A Blind Eye Scared Straight: Holding Law Enforcement Accountable for Wrongdoing

Efforts to force local, state, and federal governments to address the law enforcement excessive force crisis across the United States have reached revolutionary heights in 2020, with calls from protesters describing the excessive force as a human rights violation.[1] Deadly uses of force should only occur in the most extreme situations, which is a key point highlighted by the United Nations High Commission for Human Rights.[2] However, it seems that law enforcement officers in the United States are more likely than ever before to rely on the use of their lethal force to “deescalate” potentially volatile situations. If law enforcement is ever to be trusted by the masses again, officers must be held accountable for the human rights violations for which they are responsible.

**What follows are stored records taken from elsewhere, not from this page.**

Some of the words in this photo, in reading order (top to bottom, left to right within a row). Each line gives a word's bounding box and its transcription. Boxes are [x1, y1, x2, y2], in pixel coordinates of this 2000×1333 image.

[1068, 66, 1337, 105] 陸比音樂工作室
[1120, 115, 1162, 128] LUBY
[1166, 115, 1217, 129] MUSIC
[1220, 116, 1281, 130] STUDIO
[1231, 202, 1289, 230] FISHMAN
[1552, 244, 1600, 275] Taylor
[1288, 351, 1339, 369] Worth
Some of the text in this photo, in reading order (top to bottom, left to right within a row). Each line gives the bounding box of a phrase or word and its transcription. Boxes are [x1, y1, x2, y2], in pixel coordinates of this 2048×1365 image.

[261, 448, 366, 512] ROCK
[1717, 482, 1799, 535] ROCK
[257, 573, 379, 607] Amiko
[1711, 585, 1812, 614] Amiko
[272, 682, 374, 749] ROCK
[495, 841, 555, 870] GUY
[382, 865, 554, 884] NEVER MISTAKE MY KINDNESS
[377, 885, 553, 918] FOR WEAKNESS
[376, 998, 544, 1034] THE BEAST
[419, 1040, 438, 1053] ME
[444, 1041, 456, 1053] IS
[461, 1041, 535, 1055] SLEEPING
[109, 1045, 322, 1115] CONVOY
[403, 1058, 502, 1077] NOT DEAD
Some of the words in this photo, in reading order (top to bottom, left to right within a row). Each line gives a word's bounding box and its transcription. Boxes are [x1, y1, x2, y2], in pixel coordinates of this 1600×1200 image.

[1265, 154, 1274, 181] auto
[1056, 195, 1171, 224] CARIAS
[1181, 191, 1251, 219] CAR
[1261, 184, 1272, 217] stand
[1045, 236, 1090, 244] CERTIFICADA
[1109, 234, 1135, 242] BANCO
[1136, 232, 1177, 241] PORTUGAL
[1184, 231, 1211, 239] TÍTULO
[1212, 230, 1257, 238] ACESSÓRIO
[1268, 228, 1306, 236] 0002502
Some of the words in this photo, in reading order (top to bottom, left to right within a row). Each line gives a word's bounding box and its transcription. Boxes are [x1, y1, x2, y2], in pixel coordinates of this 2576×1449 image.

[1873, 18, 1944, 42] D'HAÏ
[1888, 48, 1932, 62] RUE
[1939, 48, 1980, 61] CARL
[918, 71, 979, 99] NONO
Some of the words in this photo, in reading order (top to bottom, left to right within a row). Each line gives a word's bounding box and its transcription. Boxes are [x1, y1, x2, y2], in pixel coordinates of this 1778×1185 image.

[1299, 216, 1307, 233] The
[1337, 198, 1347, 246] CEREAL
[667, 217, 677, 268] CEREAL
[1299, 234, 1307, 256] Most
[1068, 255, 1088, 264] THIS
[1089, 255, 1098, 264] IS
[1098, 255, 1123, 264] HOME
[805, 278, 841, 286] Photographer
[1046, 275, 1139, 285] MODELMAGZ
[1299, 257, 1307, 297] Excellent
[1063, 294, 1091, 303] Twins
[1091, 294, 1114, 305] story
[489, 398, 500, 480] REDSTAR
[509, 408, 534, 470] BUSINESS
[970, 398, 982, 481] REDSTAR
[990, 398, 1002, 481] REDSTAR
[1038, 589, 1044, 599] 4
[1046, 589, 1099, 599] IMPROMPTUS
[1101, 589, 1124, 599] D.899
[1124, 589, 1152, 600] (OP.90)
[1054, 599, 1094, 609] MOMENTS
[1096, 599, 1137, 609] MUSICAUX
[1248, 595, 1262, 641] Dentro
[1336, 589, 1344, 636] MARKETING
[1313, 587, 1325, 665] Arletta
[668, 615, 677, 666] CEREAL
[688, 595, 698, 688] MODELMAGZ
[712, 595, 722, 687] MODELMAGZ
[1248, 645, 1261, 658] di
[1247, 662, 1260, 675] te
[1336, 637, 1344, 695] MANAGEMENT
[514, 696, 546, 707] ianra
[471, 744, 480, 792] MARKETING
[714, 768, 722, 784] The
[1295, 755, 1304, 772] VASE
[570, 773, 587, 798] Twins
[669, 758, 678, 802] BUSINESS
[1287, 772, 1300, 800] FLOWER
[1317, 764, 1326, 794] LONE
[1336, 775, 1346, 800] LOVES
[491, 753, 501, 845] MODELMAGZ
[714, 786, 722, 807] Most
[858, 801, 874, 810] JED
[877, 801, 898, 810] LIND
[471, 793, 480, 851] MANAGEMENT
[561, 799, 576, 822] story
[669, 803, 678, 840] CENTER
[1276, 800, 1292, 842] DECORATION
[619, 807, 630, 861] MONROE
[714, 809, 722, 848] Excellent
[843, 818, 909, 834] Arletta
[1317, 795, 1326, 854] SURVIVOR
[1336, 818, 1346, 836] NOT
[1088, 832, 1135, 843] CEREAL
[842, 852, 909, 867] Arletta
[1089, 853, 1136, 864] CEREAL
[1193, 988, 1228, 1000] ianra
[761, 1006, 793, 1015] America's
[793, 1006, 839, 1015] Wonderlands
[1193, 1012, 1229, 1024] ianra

Colorado just passed a bill, entitled Senate Bill 20-217, which may be the most progressive police reform the country has ever seen.[3] The bill arrives on the heels of a steady rise in fatal police shooting over past years in the centennial state:

The 189 people who were killed by law enforcement officers between the start of 2014 and the end of 2019 gave Colorado the nation’s 5th highest rate for fatal law enforcement shootings. The number of annual fatal shootings by law enforcement in the state almost doubled between 2014 and 2018.[4]

Senate Bill 20-217 seeks to address many well-known problem areas in the realm of policing, the most important of which include data collection, the use of deadly force, the use of body cameras, and qualified immunity.[5] Reforming these areas of the law will hold law enforcement officers accountable for their actions and give the people harmed by officers’ abuses of power at least some form of recourse.

Data Collection

No comprehensive database documenting police uses of force exists, nor is existing data collection thorough enough to identify specific precincts as hot spots of excessive force.[6] In short, this astronomical oversight has thwarted even the chance of accountability or transparency when police officers take actions outside the scope of their duties. Law enforcement leaders could have kept track of questionable actions taken by their subordinates, addressed them, and slowly built back the tarnished image of the law enforcement caused by those actions (and saved hundreds of lives in the process). No such step was taken, until now.[7]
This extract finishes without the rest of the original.